Una lettura psicologica del Primo comandamento. Gli attaccamenti -

di Gabriella Ciampi, psicologa psicoterapeuta - 30-6-19

L'aspirazione del vitello d'oro. Opera di MARC CHAGALL

 

Siamo esseri umani e come tali terreni, ma sempre un po' a metà tra terra e cielo, tra ragione e sentimento, tra razionalità ed emozioni. Ci attacchiamo alle persone, anche alle cose (una casa, un oggetto...), e a volte succede che soffriamo perché una persona si allontana, ci lascia, o quell'oggetto viene perso, ce lo rubano o si rompe. Nella vita accade che tante cose guadagniamo, e altre (o le stesse) le perdiamo. 
È grande la sofferenza quando qualcuno o qualcosa che occupava un posto importantissimo nella nostra vita, si stacca da noi perché è come se ci venisse strappato un pezzo di cuore. 
Questo accade quando i legami (gli attaccamenti) non vengono mai messi in discussione, sotto osservazione. 
Qui non esiste giusto o sbagliato, siamo esseri umani appunto. 

Il più grande e difficile comandamento che il Signore ci ha dato, visto da una prospettiva psicologica, ci parla proprio  dei legami, di ciò a cui ci attacchiamo e che mettiamo al centro della nostra vita, facendo dipendere da questo qualcosa (o qualcuno) tutto il nostro benessere. 
IO SONO IL SIGNORE DIO TUO. NON AVRAI ALTRO DIO FUORI DI ME. 
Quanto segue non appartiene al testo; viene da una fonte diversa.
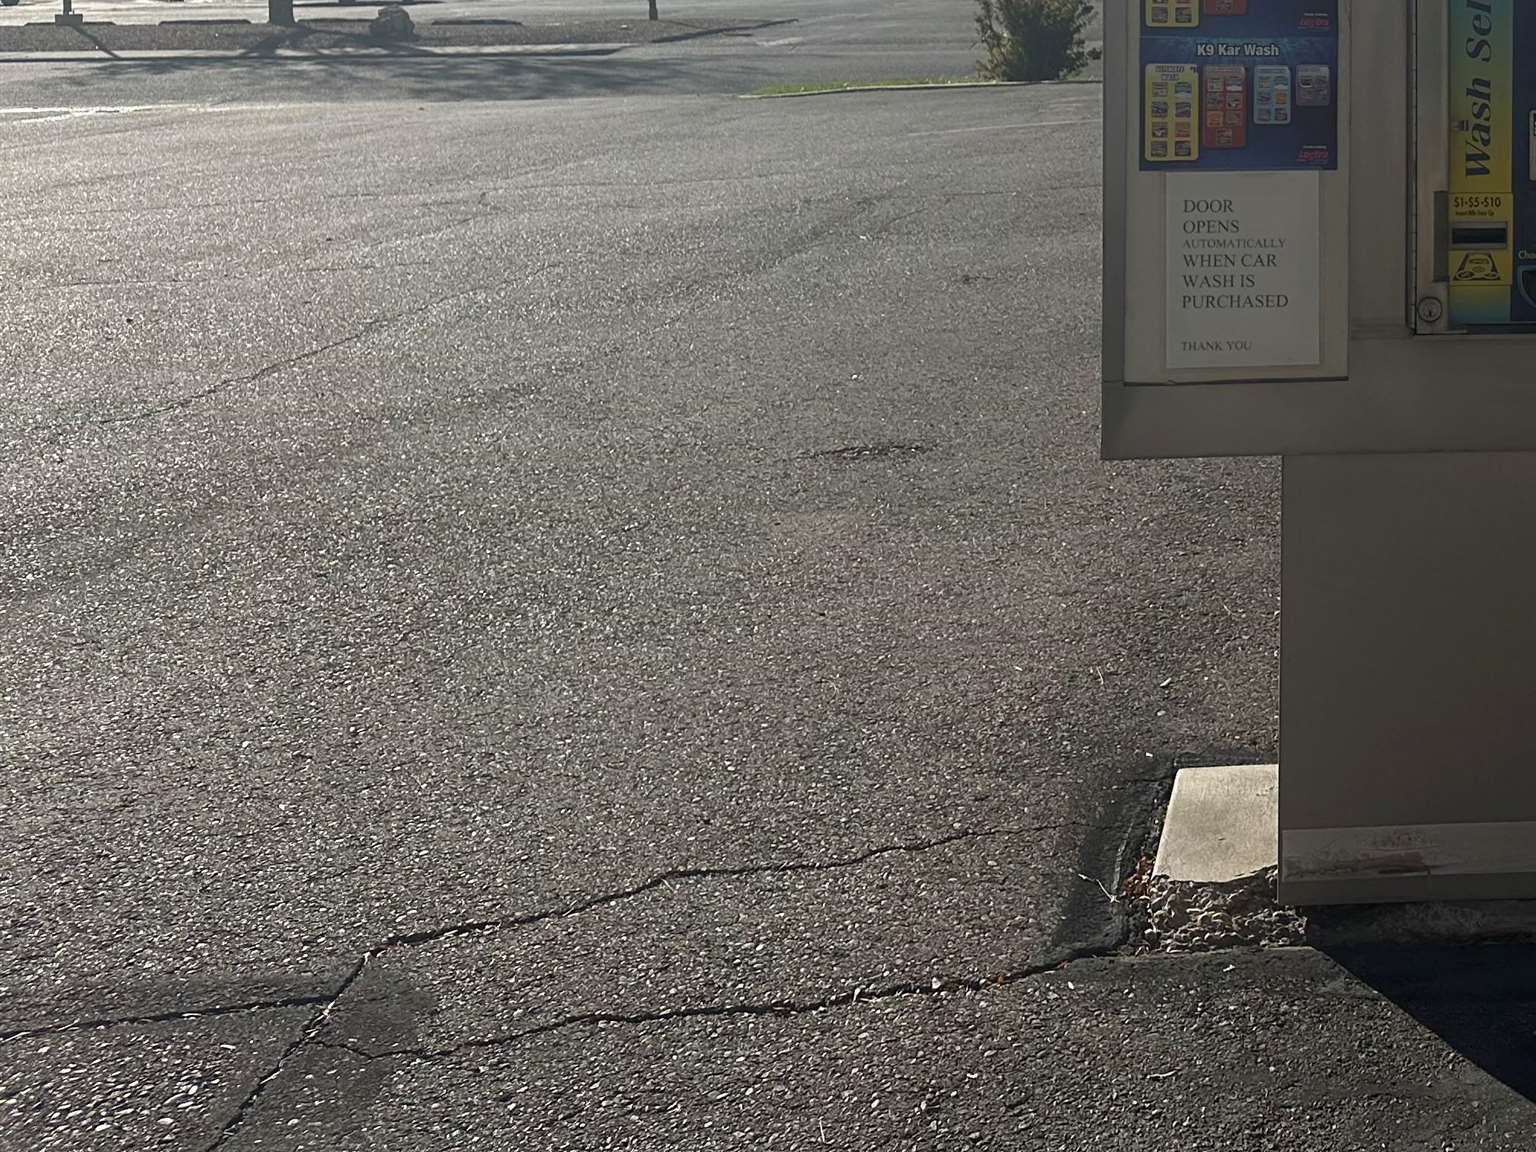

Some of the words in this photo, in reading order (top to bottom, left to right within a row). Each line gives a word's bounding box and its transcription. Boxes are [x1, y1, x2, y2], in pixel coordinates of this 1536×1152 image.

Quanto è difficile non legarsi troppo e quanto è facile dimenticarsi che Dio è il solo che è veramente degno di stare al centro della nostra vita!! Noi dimentichiamo che gli uomini (esseri umani) hanno limiti, non sono perfetti, non sono immortali, altre volte poi colpiscono volutamente. Perciò li perdiamo, a volte, o ci deludono, ci tradiscono... Ognuno di noi, a ben guardare, ha deluso o tradito qualcuno in qualche modo, così come noi lo siamo stati dagli altri. 
I legami con i figli,  il proprio coniuge, i genitori, gli amici.... bisognerebbe più  spesso resettare tutto e riallinearsi con il nostro nucleo essenziale, lì dove si trovano soltanto  il nostro Sé e Dio, l'unica coppia, l'unico perfetto legame. 
Rimettere ogni giorno al centro del cuore l'essenza,  l'Uno, la Verità... cioè Dio solo, l'Eterno. Tutto il resto, per quanto importante e amato, è il contorno, una cornice. 
Soltanto così possiamo accettare anche la natura mutevole delle relazioni, degli altri, dell'esterno. 

Forse ciò che ho scritto non  sembrerà un discorso psicologico eppure lo è perché quella che ho descritto è la conclusione (cristiana) di un percorso di maturità della persona ("Meno
Io e più  Dio"  è abbastanza psicologico) 

Cominciare a cambiare la propria scaletta di ciò che è importante nella propria vita, per arrivare alla pace nel cuore, assumere una prospettiva diversa, dove gli altri non possono avere il potere di rovinare la tua vita perché nessuno è così potente. Ciò non significa che non soffriremo ma certamente non  perderemo la nostra vita, dono gratuito di Dio.